Review: *Love Thy Stranger* by Bart D. Ehrman
How Christianity Polluted the Moral Conscience of the West
Since I recently spent 20,000 words denying that Christianity deserves credit for advancing civilization, it’s fair to ask if I believe Christianity has contributed anything to the West. My answer would be a resounding yes. Christianity has been the dominant force shaping the West’s understanding of morality for two millennia—but Christian morality represents civilizational regress, not advance.

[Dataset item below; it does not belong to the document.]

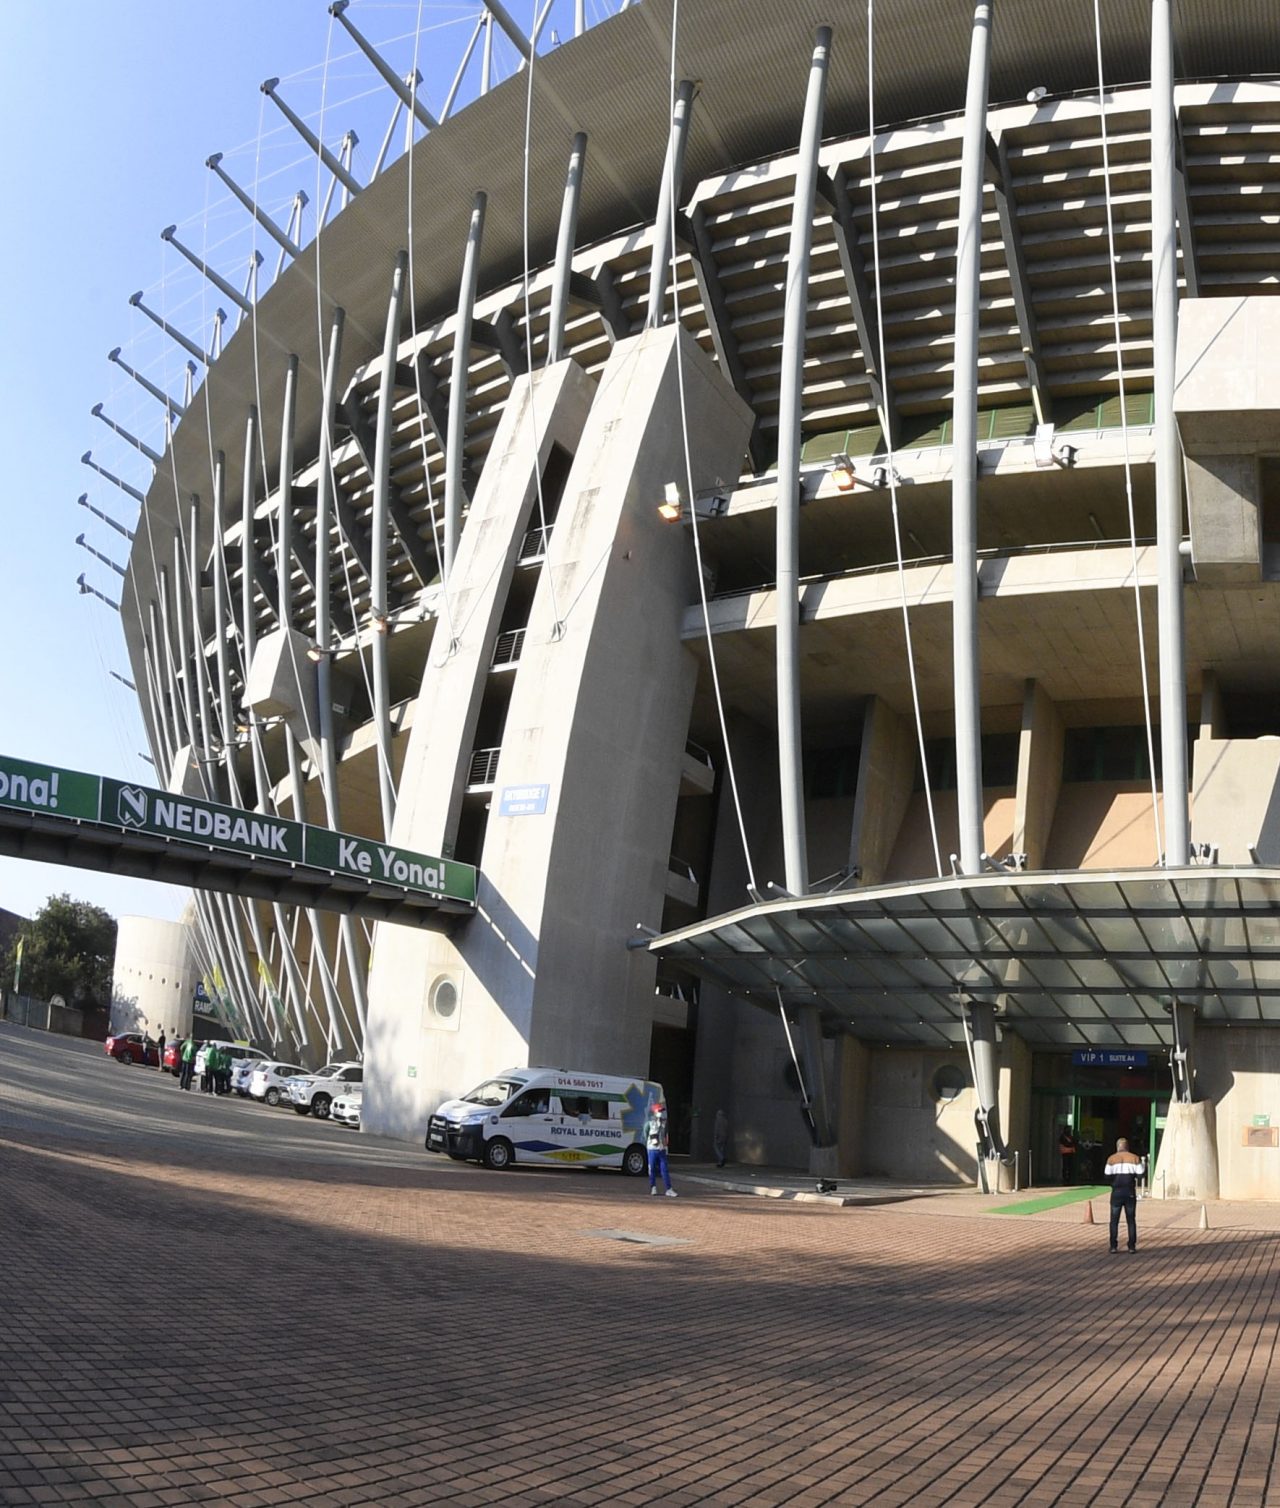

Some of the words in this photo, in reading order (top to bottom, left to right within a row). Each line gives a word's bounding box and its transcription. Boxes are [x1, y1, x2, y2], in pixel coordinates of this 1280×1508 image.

An important new book relevant to this history comes from Bart D. Ehrman, arguably the most well-known scholar of early Christianity. In Love Thy Stranger, Ehrman argues that Christianity radically transformed the West’s moral thinking. Whereas Greek and Roman philosophers held that morality should guide the individual towards the achievement of earthly happiness or eudaimonia, Jesus taught something quite different:
In their different ways, the pagan thinkers were all intent on what most people today are mainly concerned about, even Christian people: How can I flourish? How can I lead a good and meaningful life, content and satisfied with who, what, and where I am? How do I find eudaimonia? Jesus, however, did not promote an ethics designed to secure his followers’ earthly happiness. . . . [H]e urged them to focus instead on the welfare of those in need, insisting people live not for their own comfort but for the good of others. (41)

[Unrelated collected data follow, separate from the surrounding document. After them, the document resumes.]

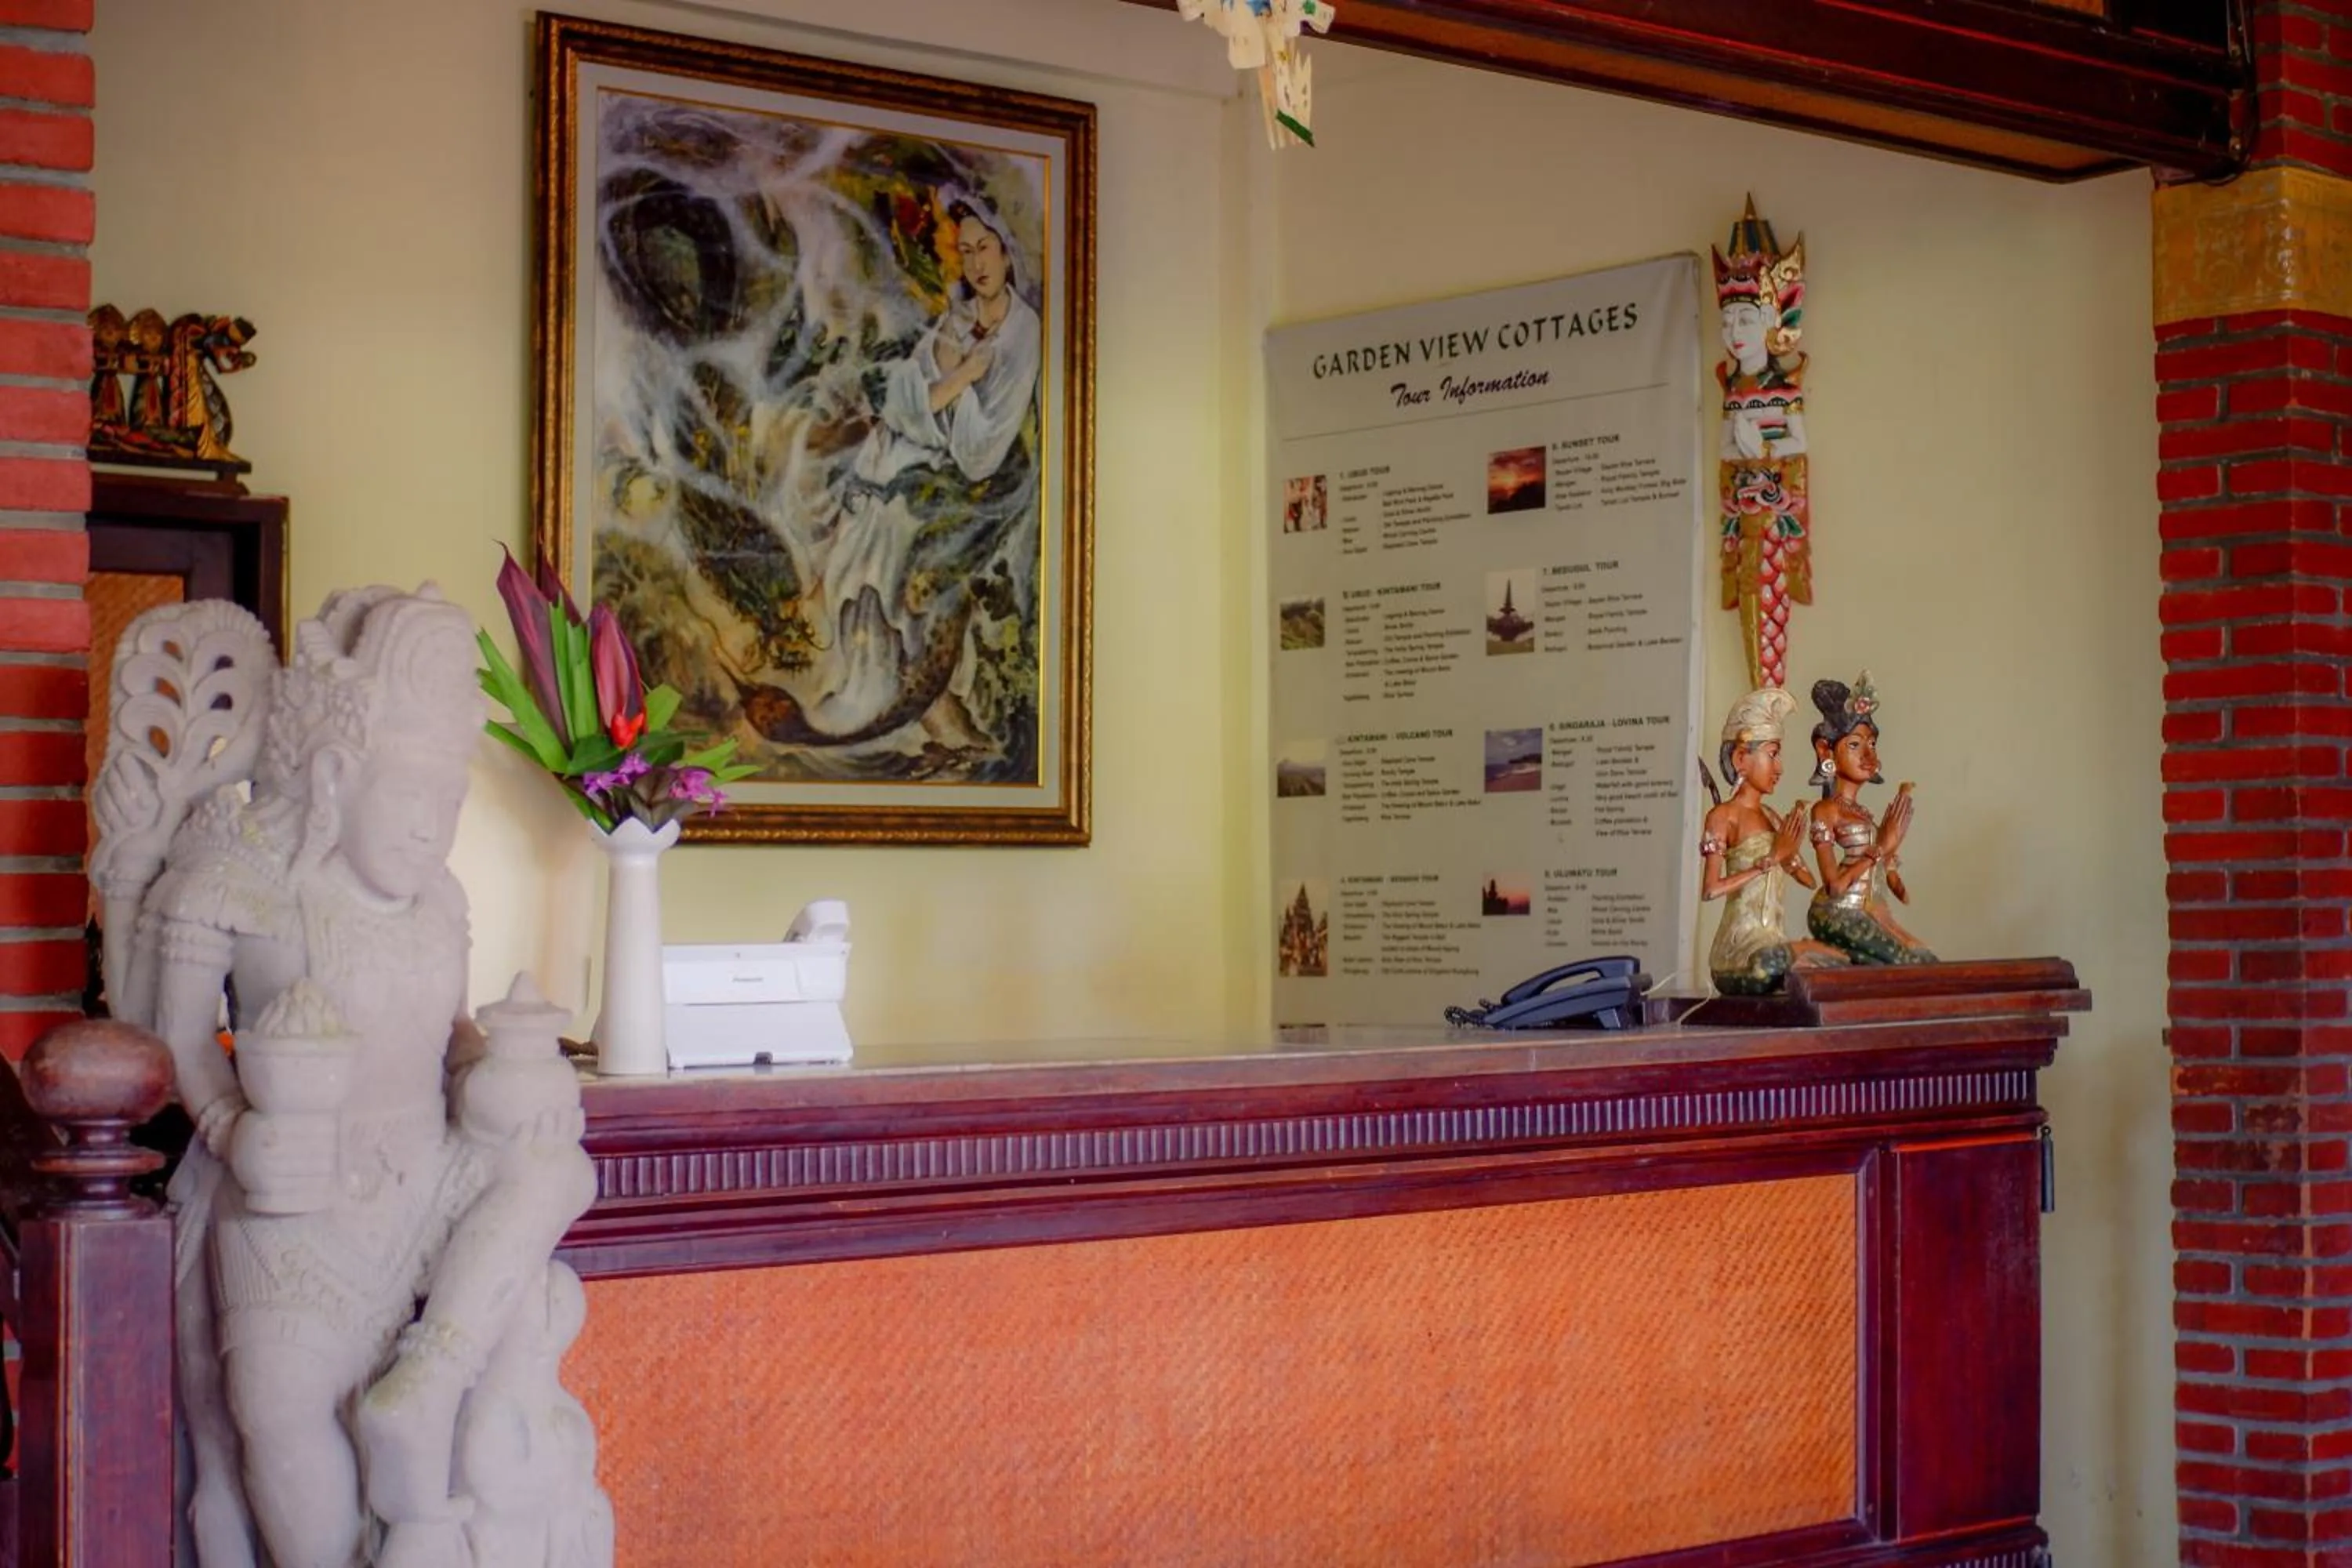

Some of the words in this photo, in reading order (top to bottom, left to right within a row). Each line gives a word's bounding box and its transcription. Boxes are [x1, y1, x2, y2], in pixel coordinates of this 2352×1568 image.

[1313, 342, 1410, 379] GARDEN
[1419, 327, 1490, 361] VIEW
[1497, 303, 1639, 350] COTTAGES
[1390, 383, 1431, 408] Tour
[1439, 369, 1550, 405] Information
[1561, 437, 1594, 449] SUNSET
[1597, 434, 1620, 445] TOUR
[1595, 560, 1619, 571] TOUR
[1612, 717, 1643, 728] LOVINA
[1646, 716, 1670, 726] TOUR
[1396, 730, 1431, 740] VOLCANO
[1432, 728, 1453, 739] TOUR
[1595, 867, 1617, 877] TOUR

Today most equate morality and altruism—to be moral simply is to sacrifice for those in need. But that is a product of 2,000 years of ideological indoctrination by Christianity, which taught that the essence of morality is to love your neighbor as yourself. According to Ehrman:
This kind of love is not strictly (or even necessarily) a feeling or emotion; it is directed toward the good of others, even at a cost to oneself. One very concrete expression of active love involves sharing material resources, for example through charitable giving; another, less often considered, involves nonmaterial kindness in personal relationships, graphically exemplified in acts of pure forgiveness extended to those who have harmed us (a different kind of “charity”). (3)
Just as people today equate morality and altruism, they also tend to equate altruism with seemingly innocuous demands: be nice to others, give a few bucks to charity. But Jesus was a moral radical. His demand for sacrifice was absolute and extreme. He “repeatedly insisted that to be his follower required becoming as powerless and insignificant as a child (Mark 10:15); serving others instead of being served by them (Mark 10:45); becoming a slave to others (Mark 10:43-44); and taking up the cross and giving one’s entire life for others (Mark 10:34-35).” (94)
For Jesus, you shouldn’t just give to charity—you should sell everything you own to help the poor. You shouldn’t just be nice to people—you should love your enemies and turn the other cheek.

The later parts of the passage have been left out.